Figure 2.
Summary of thapsigargin effects in coronavirus (CoV)-infected cells and possible modes of application in humans.
(A) The scheme shows the different levels of cellular processes that have been shown to be activated or suppressed by thapsigargin in cells infected with various CoVs. Also included are the effects of drugs blocking the lysosome (bafilomycin A1) or PERK kinase (PERKi, GSK2656157 or GSK2606414). At present, the role of thapsigargin-mediated calcium depletion in coronavirus replication is unclear. Adapted from [15]. Abbreviations: Tg, thapsigargin; ER, endoplasmic reticulum; ERQC, ER quality control; ERAD, ER-associated protein degradation; PERK, protein kinase RNA-activated (PRKR)-like endoplasmic reticulum kinase; UPR, unfolded protein response. (B) Possible routes and modes of application of thapsigargin in humans.
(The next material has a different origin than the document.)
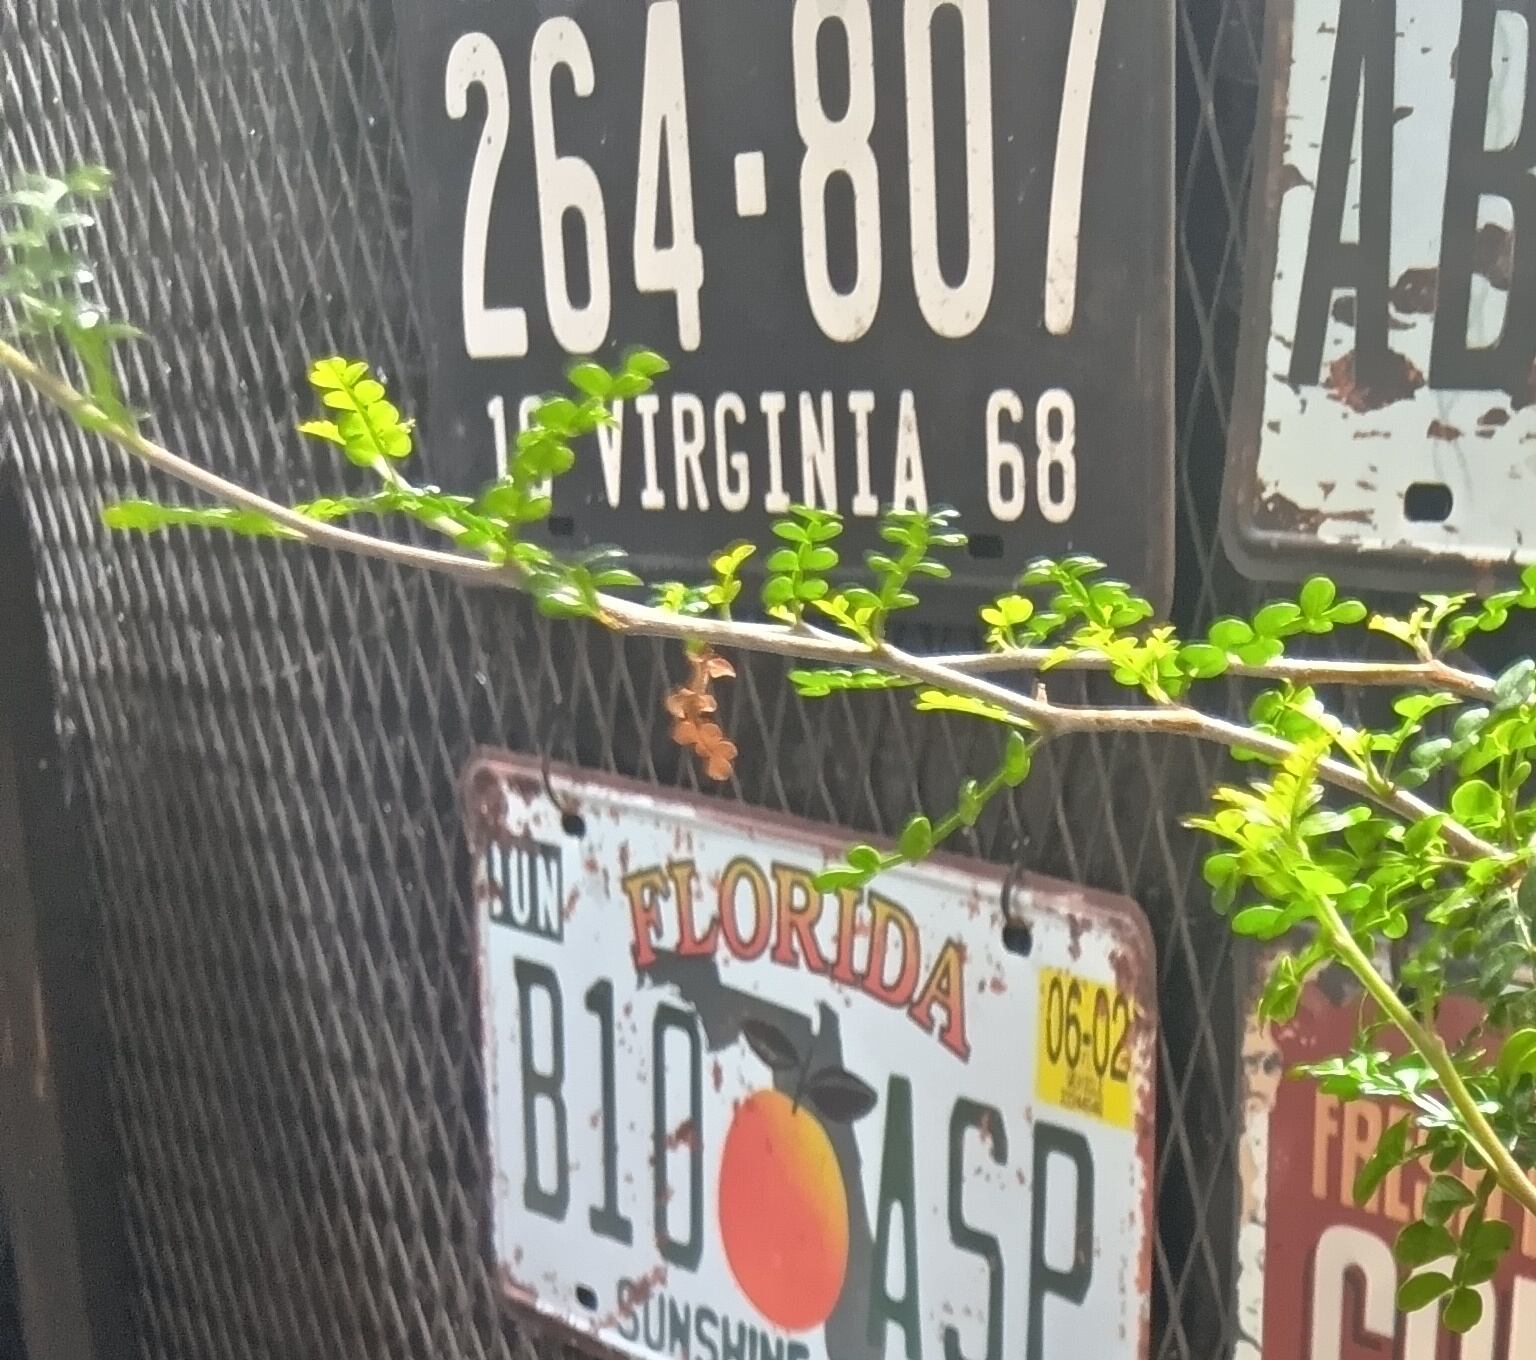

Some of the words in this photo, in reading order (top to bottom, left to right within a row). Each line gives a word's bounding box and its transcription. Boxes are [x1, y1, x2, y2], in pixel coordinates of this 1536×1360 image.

While short-term oral administration was effective in mice, the bioavailability and pharmacokinetics of thapsigargin for the use as antiviral therapy in humans are currently unclear. (C) Structure of thapsigargin. (D) Potential protease-cleavable prodrugs in which thapsigargin is coupled to a peptide (in green) that will be cleaved off by cell type-specific proteases, by (inducible) proteases present only in infected cells, or by coronavirus proteases, in order to minimize side effects by restricting the active drug primarily or exclusively to infected cells.